The classical Arc Spine is the structural backbone of most stories, describing the natural rise and fall of tension and transformation. Unlike the Pixar Story Spine (which uses fill-in-the-blank beats), the Arc Spine is conceptual: it defines the curve of a story from exposition to rising action to climax to falling action to resolution. Its USP: it visually and structurally demonstrates why stories feel satisfying, providing a timeless and universal framework. In business storytelling, it ensures narratives have clear stakes, a turning point, and a takeaway, avoiding the trap of flat, unmemorable communication.
Rooted in Aristotle’s “Poetics”, which first described dramatic unity (beginning, middle, end), it is now popularized in modern storytelling mapping the (original) arc spine more precisely. Used across literature, theater, film, and now business storytelling, includign marketing and social media.
Writers, playwrights, filmmakers (classical dramatic theory), as well as modern marketing and branding strategists to structure campaigns. Public speakers and leaders shaping persuasive speeches use it because of the logical structure.
MATERIAL YOU COULD NEED: Whiteboard or digital board for drawing arcs. Arc Spine diagram template (curve showing rise and fall) and the classical sticky notes for placing story beats along the curve. On top if needed or wanted: some example stories for illustration and inspiration.
STAKEHOLDER GOOD TO KNOW: Communicator, marketing and communication teams and test audience.
EXPOSITION
Sets the world, introduces characters, gives context. Without this, audiences cannot connect. Define who the hero (audience, company, or customer) is.
Establish the normal environment.
Show what’s at stake.
Example: A SaaS startup begins as a small team helping local shops digitize inventory.
COMPLICATION
Builds tension, obstacles, stakes and keeps interest alive but also the story true.
Show challenges, conflicts, or external forces an map out how attempts fail or increase tension.
Highlight “because of that” cause-effect links.
Example: The startup struggles with scaling: investors demand traction, shops resist new tech, competitors arise.
CLIMAX
The highest point of tension, where decisions and actions are made. Define the “big moment” of breakthrough or crisis.
Often irreversible, because what happens here changes everything. In business, this could be a product launch, bold pivot, or decisive customer win.
Example: The startup secures a contract with a major retail chain, proving the model works.
CONSEQUENCES
Shows results of the climax and begins to resolve tension by demonstrating ripple effects of climax. Addresses lingering doubts, reactions and prepares audience for closure.
Example: Other retailers join in, adoption accelerates, competitors falter.
RESOLUTION
Provides closure, takeaway, or moral. Without it, audiences feel unfinished and Shows what “new normal” looks like. Articulate the transformation by highlighting the theme or lesson.
Example: The startup now empowers 10,000 shops, shifting retail into the digital age.
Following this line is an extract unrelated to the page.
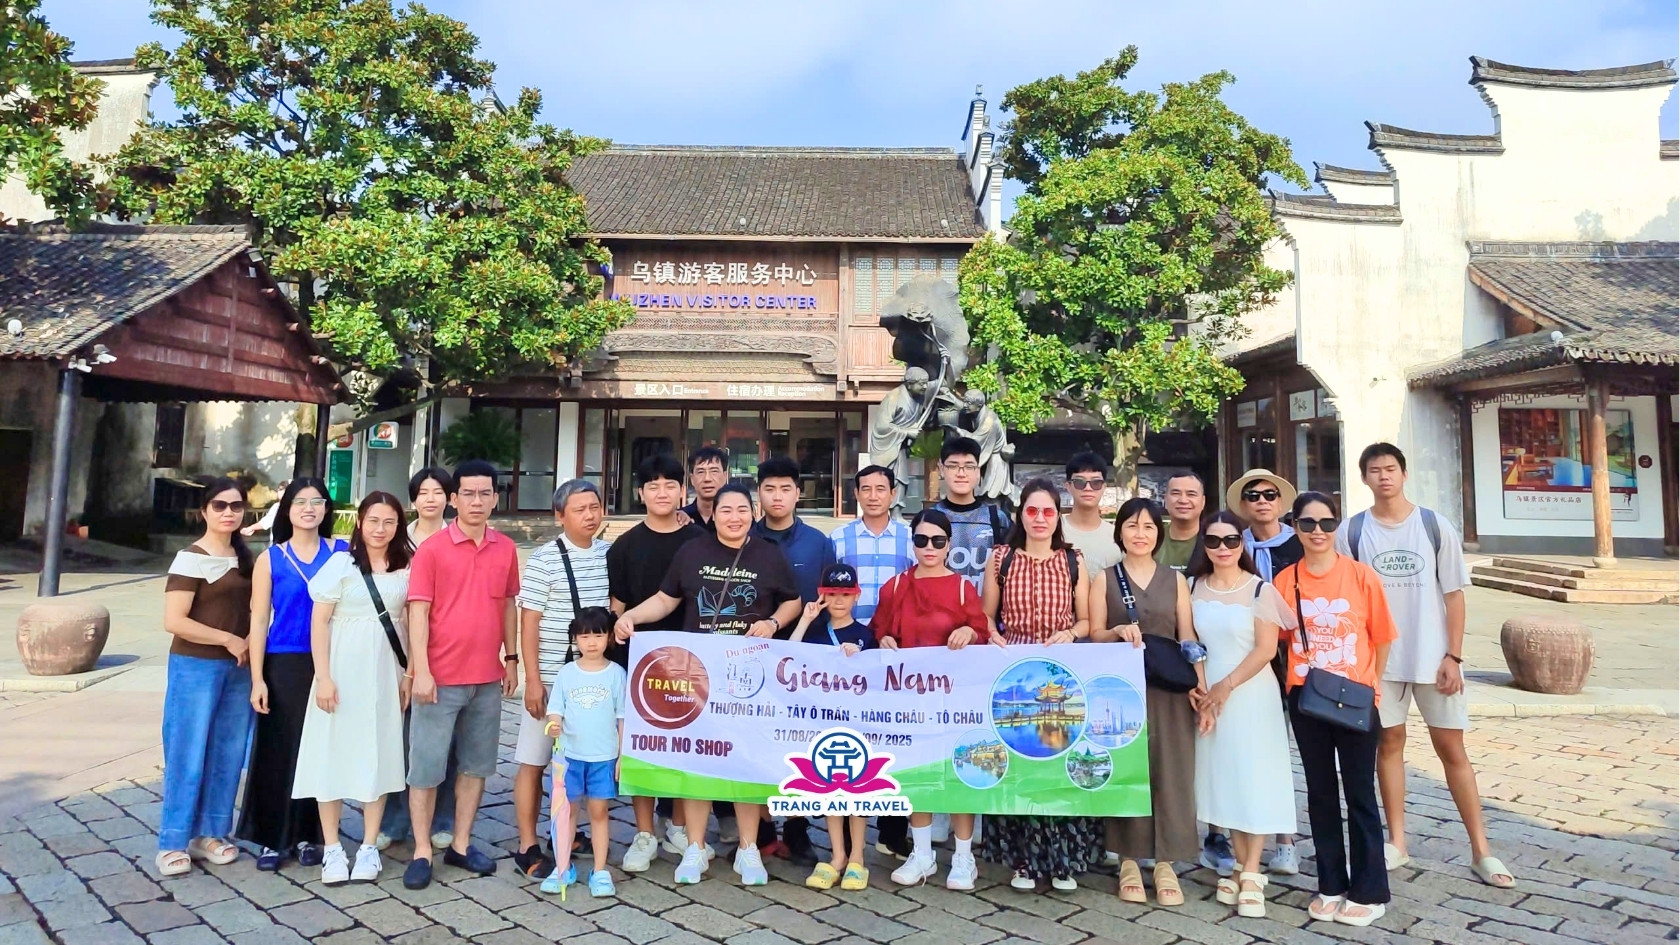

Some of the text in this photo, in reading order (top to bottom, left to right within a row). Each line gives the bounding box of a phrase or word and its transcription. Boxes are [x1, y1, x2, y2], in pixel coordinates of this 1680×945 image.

Freytag’s Pyramid adds “inciting incident” before rising action and “denouement” after resolution.
For business, the full pyramid may be simplified to 5 beats for clarity.
The arc spine is a meta-structure: you can overlay other methods (e.g. STARR, Pixar spine) onto it -> Amazing but also hell of a work.
PROMINENT BRANDS USING IT:
Apple: Keynotes follow classic arcs. Setup (world), rising action (problem), climax (product reveal), resolution (vision).
Nike: Ads often show protagonist struggle to big turning point to transformation.
Airbnb: Brand film “Belong Anywhere” uses arc spine to show a journey from disconnected to challenged to transformed.
ANECDOTES:
Gustav Freytag studied Shakespeare and Greek tragedy to craft his “Pyramid” and essentially codifying the arc spine. Pixar storyboard artists admit they rely on arc spine alongside Story Spine, because audiences unconsciously expect a tension-climax-resolution curve. Business trainers often sketch a simple arc on flipcharts to show leaders: “If your presentation is flat, it’s because there’s no rising tension and your arc is missing.”